The War to End All Wars, Or Was It?

  Some called it WW1 others World War One, at the time it was said to be the war to end all wars, and now exactly 100 years later we are commemorating its centenary. On 4th August 1914 Britain declared war on Germany as the rest of the global conflict began to take shape, the world had decided that the time was right to unleash man made death and destruction onto the planet, on a scale that had not been seen before. So just what started this war? Well it was one simple act, the assassination at Sarajevo of Archduke Franz Ferdinand of Austria on 28th June 1914. On 28th July Austria would declare war on Serbia, then other counties would follow suit declaring war on each other, some years after the war had actually started.

  During the conflict many now famous names would enter the common vocabulary, like the famous battlefields of the Somme, Mons, Ypres, and Gallipoli. The allies retreat from Gallipoli even warranting a depiction in a cathedrals stained glass window. Ships like the Lusitania would be sunk by a German U-boat to erupt in condemnation and disgust from nations around the world, with the name of the ship being forever associated with the horror of how innocent civilians can so easily be caught up in such a worldwide conflict.

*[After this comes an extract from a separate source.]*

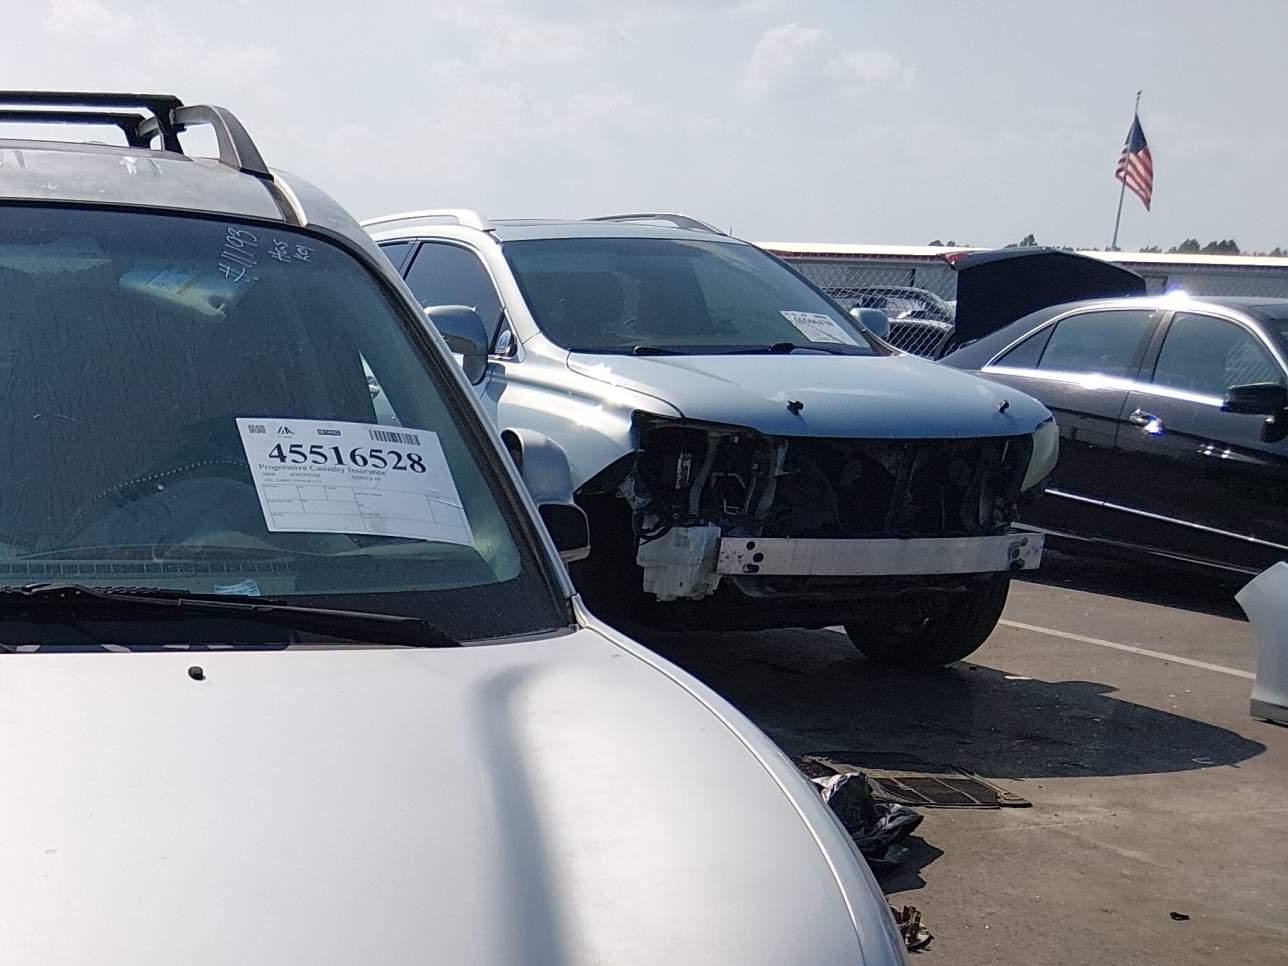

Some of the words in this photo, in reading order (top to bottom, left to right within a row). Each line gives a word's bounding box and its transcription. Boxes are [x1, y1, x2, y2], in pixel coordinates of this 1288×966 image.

[268, 442, 428, 474] 45516528
[259, 463, 308, 472] Progressive
[309, 464, 345, 474] Casualty
[347, 466, 387, 476] Insurance

  Many people would become heroes in a war that would see the development of several new weapons such as the tank, this was used en masse in the Battles of the Somme, and won a British victory at Cambral. It was not only a mans war either women would also play their part in their homeland or at the battlefront. Edith Cavell, a British nurse was shot on 12th October 1915 by the German army for helping allied soldiers to escape occupied Belgium. At the time her execution was condemned worldwide, such was the disgust at the Bosh/Hun, two terms of slang used to describe the German army. She is still remembered to this very day with commemorate ceremonies in England and Belgium.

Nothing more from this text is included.